Las exportaciones han salvado a muchas compañías en Argentina y Brasil durante los últimos cuatro años, que han sido por cierto desafiantes. Chile ha mostrado un sesgo netamente exportador, desde hace ya tiempo. En efecto, la apertura del comercio internacional es ahora una estrategia de largo plazo para las compañías en la región del Cono Sur y, a pesar de varios obstáculos para la globalización los productores brasileños de commodities de bajo costo, los productores agrícolas argentinos y las compañías chilenas que utilizan los recursos naturales de su país, son competitivos en el mercado global. Sin embargo, conforme las empresas se ven obligadas a exportar, se vuelve más evidente que se necesita trabajar en el entorno operativo local para respaldar dicho esfuerzo. Hacia el futuro, se esperan inversiones en Brasil para servir mercados internacionales, que las exportaciones desde Argentina continúen con un buen desempeño dependiendo de los precios de los commodities y que Chile experimente un crecimiento de las exportaciones conforme avance en sus acuerdos comerciales.

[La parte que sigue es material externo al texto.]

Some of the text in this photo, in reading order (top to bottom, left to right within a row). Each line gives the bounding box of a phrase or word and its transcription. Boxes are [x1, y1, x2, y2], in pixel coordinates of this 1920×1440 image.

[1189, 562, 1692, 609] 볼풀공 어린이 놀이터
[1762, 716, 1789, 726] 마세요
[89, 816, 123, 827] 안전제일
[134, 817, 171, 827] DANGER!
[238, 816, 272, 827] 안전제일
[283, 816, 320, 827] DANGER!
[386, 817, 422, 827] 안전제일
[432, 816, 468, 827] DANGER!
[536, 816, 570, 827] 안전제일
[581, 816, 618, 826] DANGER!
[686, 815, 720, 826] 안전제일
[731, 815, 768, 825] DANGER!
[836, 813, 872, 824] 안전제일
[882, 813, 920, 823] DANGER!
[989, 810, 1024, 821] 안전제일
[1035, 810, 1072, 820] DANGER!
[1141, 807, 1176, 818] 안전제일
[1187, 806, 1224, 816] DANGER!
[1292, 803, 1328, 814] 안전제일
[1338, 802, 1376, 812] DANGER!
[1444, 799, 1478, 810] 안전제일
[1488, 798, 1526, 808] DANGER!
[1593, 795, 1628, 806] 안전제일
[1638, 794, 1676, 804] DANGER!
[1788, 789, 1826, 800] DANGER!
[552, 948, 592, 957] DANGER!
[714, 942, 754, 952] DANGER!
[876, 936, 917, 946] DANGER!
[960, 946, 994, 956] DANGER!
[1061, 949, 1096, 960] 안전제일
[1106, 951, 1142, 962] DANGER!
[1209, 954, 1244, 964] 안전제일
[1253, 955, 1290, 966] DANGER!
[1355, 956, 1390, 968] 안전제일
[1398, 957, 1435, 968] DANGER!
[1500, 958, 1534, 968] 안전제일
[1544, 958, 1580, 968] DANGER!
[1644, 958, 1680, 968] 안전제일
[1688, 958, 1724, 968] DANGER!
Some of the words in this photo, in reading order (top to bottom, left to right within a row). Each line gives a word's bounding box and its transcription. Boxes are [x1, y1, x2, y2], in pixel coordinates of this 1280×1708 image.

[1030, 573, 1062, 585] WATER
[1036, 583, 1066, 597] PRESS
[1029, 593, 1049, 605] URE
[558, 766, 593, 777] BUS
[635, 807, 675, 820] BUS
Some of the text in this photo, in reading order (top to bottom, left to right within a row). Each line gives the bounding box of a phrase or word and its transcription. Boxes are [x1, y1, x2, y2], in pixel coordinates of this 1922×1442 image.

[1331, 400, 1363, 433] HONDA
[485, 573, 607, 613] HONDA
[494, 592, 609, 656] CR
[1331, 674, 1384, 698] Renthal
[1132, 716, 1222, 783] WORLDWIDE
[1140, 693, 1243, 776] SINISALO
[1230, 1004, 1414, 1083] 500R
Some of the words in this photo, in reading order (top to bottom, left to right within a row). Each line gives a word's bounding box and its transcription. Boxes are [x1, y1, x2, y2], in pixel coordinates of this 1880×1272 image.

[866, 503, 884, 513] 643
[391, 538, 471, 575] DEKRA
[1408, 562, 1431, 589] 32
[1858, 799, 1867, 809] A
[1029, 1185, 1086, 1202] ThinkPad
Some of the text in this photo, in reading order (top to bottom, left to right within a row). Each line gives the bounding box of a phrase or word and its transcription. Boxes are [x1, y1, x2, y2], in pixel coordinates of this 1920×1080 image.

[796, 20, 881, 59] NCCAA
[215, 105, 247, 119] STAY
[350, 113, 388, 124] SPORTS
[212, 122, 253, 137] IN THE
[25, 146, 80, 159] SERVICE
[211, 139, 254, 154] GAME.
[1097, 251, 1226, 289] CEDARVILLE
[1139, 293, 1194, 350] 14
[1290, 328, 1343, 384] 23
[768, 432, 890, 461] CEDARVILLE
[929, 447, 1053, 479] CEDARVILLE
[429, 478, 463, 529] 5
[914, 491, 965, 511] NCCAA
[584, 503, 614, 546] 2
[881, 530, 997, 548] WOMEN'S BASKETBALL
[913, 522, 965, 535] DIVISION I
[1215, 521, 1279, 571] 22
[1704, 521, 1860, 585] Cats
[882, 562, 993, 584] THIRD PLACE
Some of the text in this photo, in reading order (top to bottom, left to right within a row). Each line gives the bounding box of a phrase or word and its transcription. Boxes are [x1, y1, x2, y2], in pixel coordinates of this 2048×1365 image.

El caso de Chile merece un comentario aparte. Instituciones sólidas, un entorno de negocios favorable, y políticas económicas prudentes han contribuido a que Chile evitara ampliamente la volatilidad y los problemas económicos observados en otras economías latinoamericanas que dependen de las exportaciones de commodities. La economía chilena tiende a crecer a una tasa superior al 4% anual cuando los precios del cobre se aproximan o exceden el u$s 1 por libra, como en 2004. Los precios que se aproximan o son inferiores a u$s 0,80 por libra tienden a deprimir el crecimiento del PBI por debajo de su tendencia. Sin embargo, la flexibilidad comparativamente mayor de Chile a través de políticas fiscales y monetarias le brinda un mayor espacio para aplicar políticas contracíclicas con el propósito de moderar las fluctuaciones de la demanda económica. Como resultado, el ímpetu del crecimiento económico en Chile se ha visto más equilibrado entre la demanda interna y la demanda externa en los últimos años en relación con muchos otros países latinoamericanos.
En cuanto a México, a pesar de ser el país con el mayor número de tratados de libre comercio en el mundo, su mercado de exportaciones se concentra en Estados Unidos, un destino que recibe el 85% de su comercio y donde México enfrenta una creciente competencia de China, su mayor rival en ese mercado.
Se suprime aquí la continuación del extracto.